Four en métal pour chauffer les boulets pendant le siège de Gibraltar (1782).

Un four à boulets, ou four à rougir les boulets, est un équipement thermique militaire utilisé du XVIIe siècle au XIXe siècle pour chauffer au rouge les boulets servant de projectiles pour des canons contre des navires ou bâtiments construits en bois.

Il est avéré que les propriétés incendiaires d'un boulet porté au rouge ont pu provoquer des incendies lors de certaines batailles au sol[1]. Cependant la probabilité de détruire un bâtiment de cette manière était assez aléatoire[2].

Cette pratique était souvent mise en œuvre par des batteries côtières en raison du danger que représentait un four à bord d'un navire.

Elle pouvait dissuader les navires de s'approcher des côtes, plus par la menace qu'elle représentait que par son efficacité réelle, compte tenu de la faible précision de l'artillerie de l'époque. Au point que le général Bernadotte affirmait que la fumée d'un four à boulets aperçu au loin par un navire de guerre pouvait suffire pour le dissuader d'approcher des côtes.

Cette pratique ancienne n'a cessé qu'avec la construction de navires en acier dans la seconde moitié du XIXe siècle.

Bref historique[modifier | modifier le code]

Si on dépasse les usages antiques du feu grégeois, la première utilisation de boulets rouges remonte aux attaques du roi de Pologne Stephen Bathory contre les Russes à Polotsk en 1579.

Les fours à boulets[modifier | modifier le code]

La méthode originale pour chauffer des boulets était de les recouvrir de charbon de bois dans un grand feu. Ou de les chauffer sur des grilles métalliques placées au-dessus d'un feu de bois. Mais ces méthodes mettaient beaucoup de temps pour chauffer les boulets.

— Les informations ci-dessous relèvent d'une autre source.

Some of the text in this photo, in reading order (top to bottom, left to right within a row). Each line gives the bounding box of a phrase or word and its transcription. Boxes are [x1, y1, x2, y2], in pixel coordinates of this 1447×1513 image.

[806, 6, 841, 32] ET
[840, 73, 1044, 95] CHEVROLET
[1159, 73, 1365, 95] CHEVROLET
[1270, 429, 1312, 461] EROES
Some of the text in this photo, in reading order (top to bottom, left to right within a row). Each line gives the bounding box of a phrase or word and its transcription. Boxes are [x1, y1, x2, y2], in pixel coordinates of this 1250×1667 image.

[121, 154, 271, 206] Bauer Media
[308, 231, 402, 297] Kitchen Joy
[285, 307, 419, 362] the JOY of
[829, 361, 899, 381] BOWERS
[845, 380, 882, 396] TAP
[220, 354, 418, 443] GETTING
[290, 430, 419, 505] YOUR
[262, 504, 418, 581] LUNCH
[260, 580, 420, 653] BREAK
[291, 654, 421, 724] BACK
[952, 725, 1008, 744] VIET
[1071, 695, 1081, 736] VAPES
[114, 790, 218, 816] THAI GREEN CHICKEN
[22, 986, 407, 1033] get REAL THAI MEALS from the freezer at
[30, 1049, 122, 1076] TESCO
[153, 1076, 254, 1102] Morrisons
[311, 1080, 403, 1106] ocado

Pendant la Révolution française les Français ont inventé le four à boulets pour réduire ce délai.

Les États-Unis ont construit des fours à boulets dans les fortifications côtières de leur deuxième système de défenses littorales juste avant la guerre de 1812.

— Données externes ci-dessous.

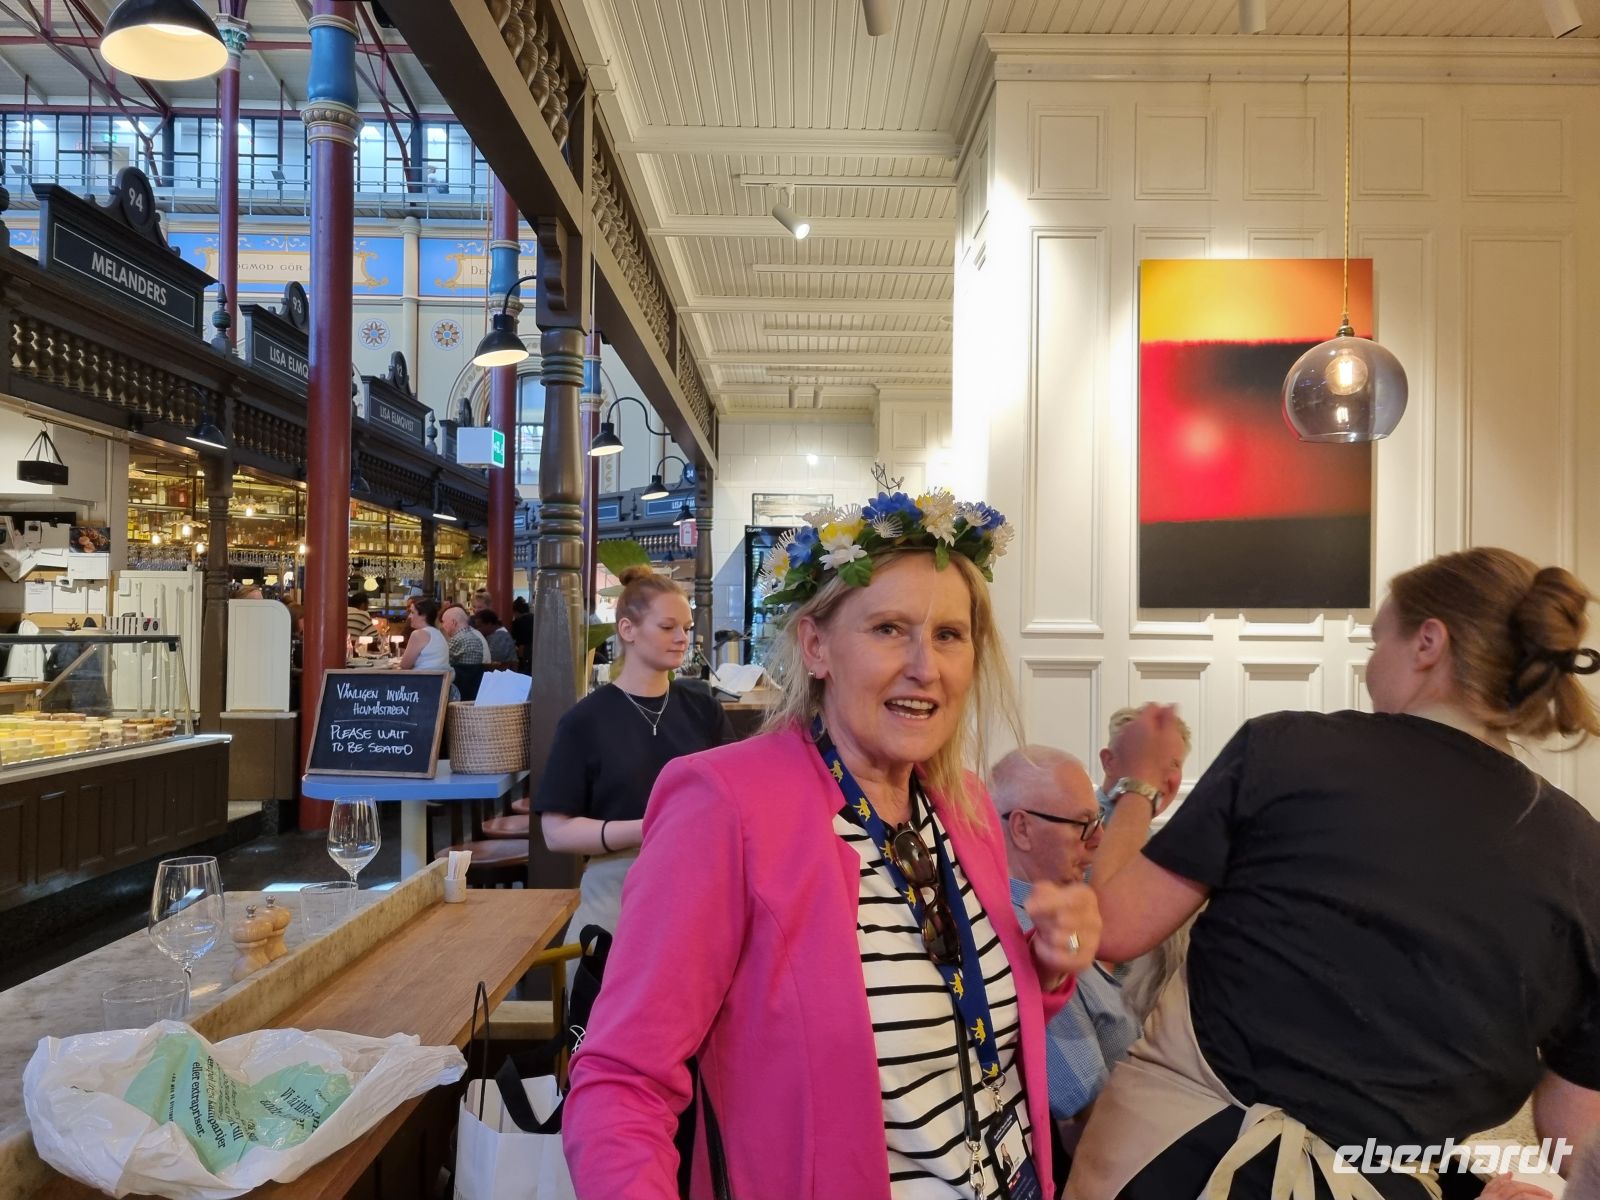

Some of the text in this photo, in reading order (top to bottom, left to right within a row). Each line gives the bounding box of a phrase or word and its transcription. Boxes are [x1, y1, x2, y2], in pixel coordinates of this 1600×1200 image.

[128, 187, 144, 212] 94
[91, 252, 167, 306] MELANDERS
[292, 296, 302, 314] 93
[269, 345, 309, 380] LISA ELMQ
[380, 405, 391, 421] LISA
[337, 682, 420, 703] VÄNLIGEN INVÄNTA
[331, 724, 409, 741] PLEASE WAIT
[332, 741, 413, 756] TO BE SEATED
[189, 1061, 206, 1139] eller extrapriser.
[280, 1087, 296, 1101] Vi
[294, 1099, 314, 1116] inte

Le colonel Jonathan Williams quitta son poste de commandant de l'Académie militaire des États-Unis pour construire des fortifications équipées de fours à boulets telles que le Fort Clinton et le Fort Williams[4] sur le port de New York. Lorsque l'ingénieur général français Simon Bernard est venu aux États-Unis en 1816 à la tête du Conseil des fortifications, pour la construction des forts permanents pour défendre la côte des États-Unis, il a introduit le concept de fours à boulets de conception française. Les fortifications littorales construites entre 1817 et la guerre de Sécession, comme le Fort Macon, reçurent un ou plusieurs fours à boulets comme équipement standard.

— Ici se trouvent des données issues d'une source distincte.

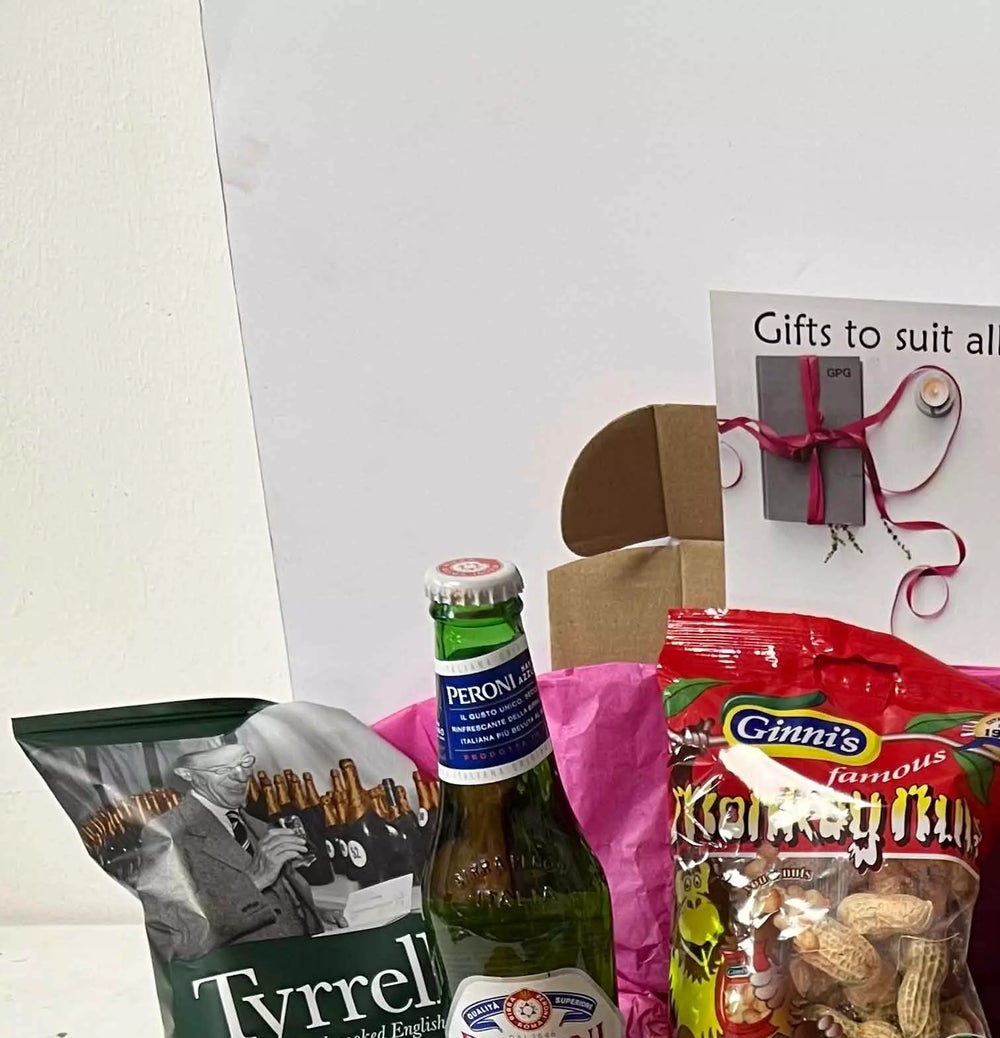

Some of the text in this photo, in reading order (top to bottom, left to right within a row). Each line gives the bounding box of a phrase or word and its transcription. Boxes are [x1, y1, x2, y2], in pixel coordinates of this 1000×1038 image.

Plusieurs géométries différentes ont été utilisées pour la construction des fours à boulets. C'étaient des structures de briques isolées des bâtiments proches, allant jusqu'à 10 m de long et 2,7 m de large. Ils étaient constitués généralement d'un tunnel incliné dans lequel on déposait les boulets sur des rigoles parallèles situées selon l'axe principal du tunnel. Les boulets étaient introduits dans la partie supérieure où se situait une cheminée pour évacuer l'air chaud et la fumée. Et ils roulaient vers la partie inférieure où se trouvait le foyer. Ils y étaient laissés pour atteindre une température de l'ordre de 800 à 900 °C, ce qui demandait selon le type de fours, entre vingt minutes et une heure et quart.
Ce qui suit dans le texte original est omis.